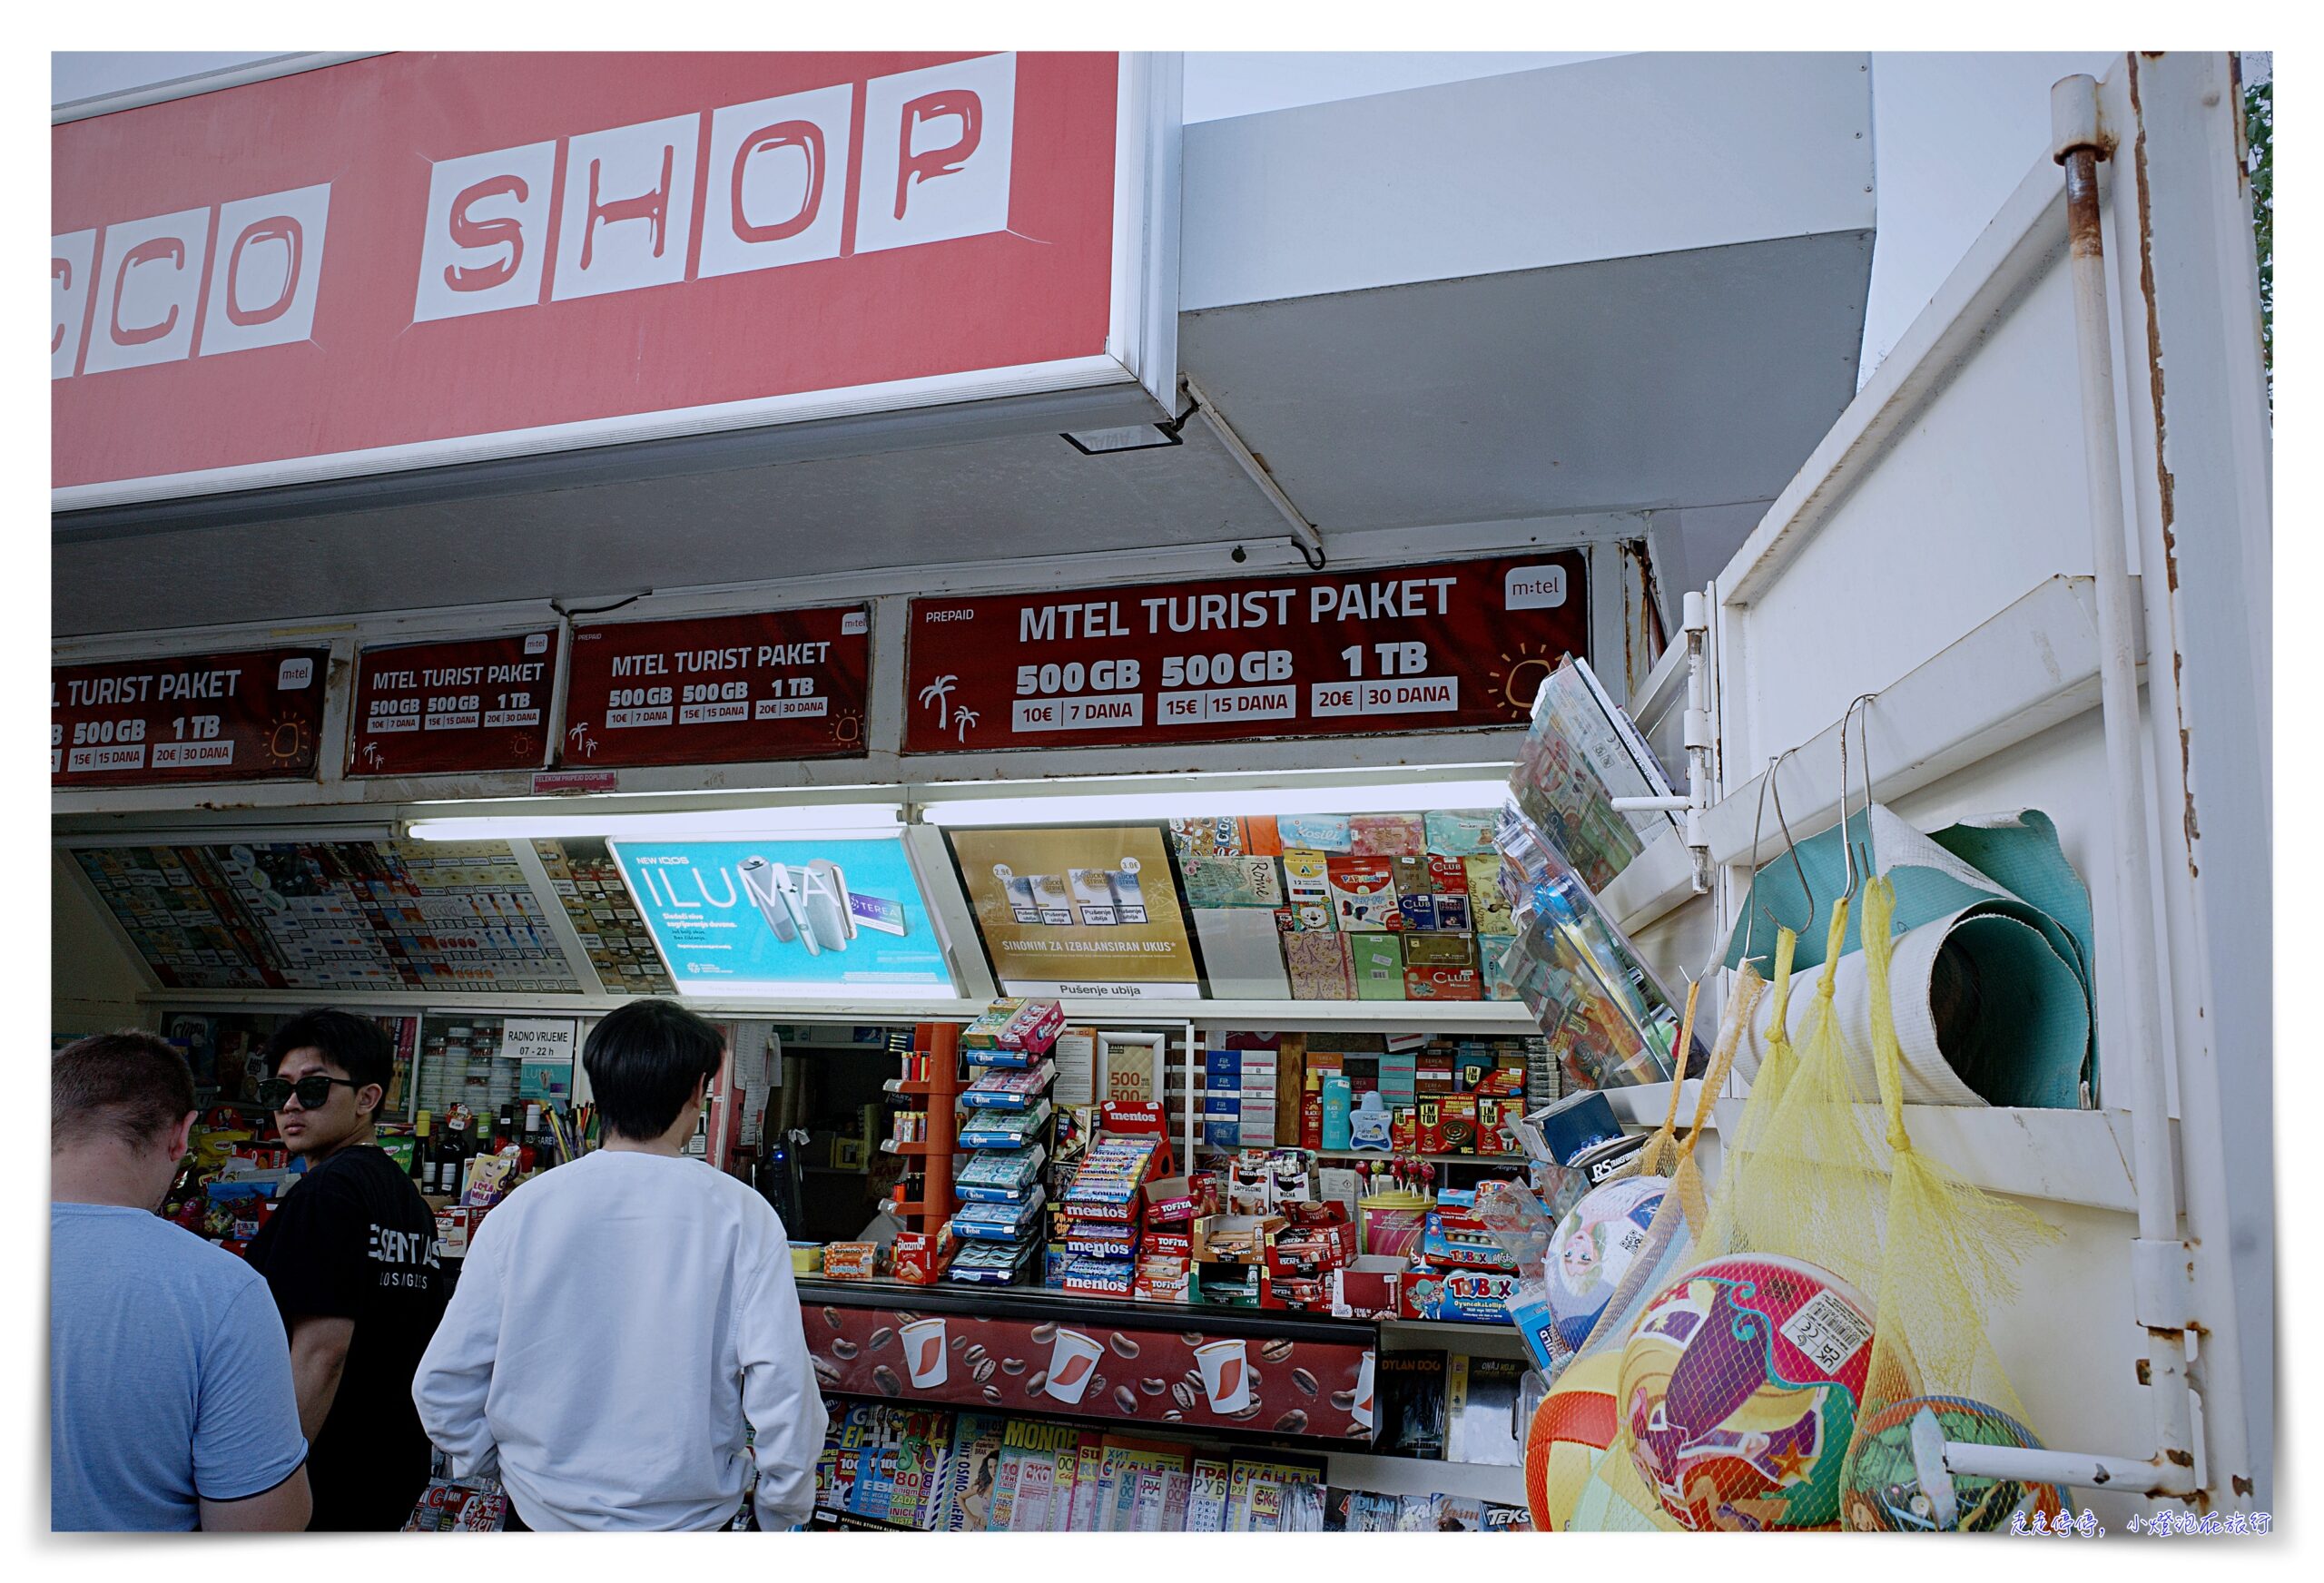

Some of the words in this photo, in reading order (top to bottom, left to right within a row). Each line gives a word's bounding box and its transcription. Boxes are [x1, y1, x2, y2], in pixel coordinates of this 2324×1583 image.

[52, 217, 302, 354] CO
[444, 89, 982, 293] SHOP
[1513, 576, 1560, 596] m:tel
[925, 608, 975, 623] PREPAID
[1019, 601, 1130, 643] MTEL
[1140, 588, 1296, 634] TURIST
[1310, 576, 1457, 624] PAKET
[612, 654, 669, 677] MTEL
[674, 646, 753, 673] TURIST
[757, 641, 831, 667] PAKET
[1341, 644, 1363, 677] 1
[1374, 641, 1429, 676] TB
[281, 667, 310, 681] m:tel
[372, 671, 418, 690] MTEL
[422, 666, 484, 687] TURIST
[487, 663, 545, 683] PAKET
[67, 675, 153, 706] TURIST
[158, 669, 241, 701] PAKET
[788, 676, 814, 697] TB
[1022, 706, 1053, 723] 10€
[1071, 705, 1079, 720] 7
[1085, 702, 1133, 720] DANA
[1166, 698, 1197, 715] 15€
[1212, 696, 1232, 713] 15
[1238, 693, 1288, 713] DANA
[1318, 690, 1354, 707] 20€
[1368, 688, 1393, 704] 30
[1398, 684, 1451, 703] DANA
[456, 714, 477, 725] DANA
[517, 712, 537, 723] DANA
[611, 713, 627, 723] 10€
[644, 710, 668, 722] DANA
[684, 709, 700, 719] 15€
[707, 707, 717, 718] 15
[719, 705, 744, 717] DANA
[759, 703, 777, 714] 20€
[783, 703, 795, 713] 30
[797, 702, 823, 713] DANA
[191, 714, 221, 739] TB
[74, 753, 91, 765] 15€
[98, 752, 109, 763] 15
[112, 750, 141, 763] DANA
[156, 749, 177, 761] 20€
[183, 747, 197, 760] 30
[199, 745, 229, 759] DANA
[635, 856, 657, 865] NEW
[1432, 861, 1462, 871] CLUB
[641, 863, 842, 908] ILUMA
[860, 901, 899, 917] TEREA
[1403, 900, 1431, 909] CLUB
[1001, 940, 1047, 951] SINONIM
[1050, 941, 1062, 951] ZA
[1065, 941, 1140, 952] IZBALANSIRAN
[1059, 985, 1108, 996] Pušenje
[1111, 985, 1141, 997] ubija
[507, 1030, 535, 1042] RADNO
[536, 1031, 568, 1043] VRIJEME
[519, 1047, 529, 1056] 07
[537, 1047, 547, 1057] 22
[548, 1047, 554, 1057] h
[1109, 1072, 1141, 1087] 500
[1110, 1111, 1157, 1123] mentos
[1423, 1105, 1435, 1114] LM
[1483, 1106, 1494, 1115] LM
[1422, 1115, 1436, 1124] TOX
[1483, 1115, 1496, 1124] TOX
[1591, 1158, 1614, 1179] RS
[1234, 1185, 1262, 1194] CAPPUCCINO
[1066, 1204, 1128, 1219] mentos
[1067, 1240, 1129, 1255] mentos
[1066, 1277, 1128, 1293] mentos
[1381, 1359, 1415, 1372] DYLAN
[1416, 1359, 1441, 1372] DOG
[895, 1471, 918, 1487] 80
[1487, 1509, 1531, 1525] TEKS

INSTRUCTIONS FOR THE TASK.
Among the records above, find the lines where the word "MTEL" appears and copy them.

ANSWER SECTION.
[1019, 601, 1130, 643] MTEL
[612, 654, 669, 677] MTEL
[372, 671, 418, 690] MTEL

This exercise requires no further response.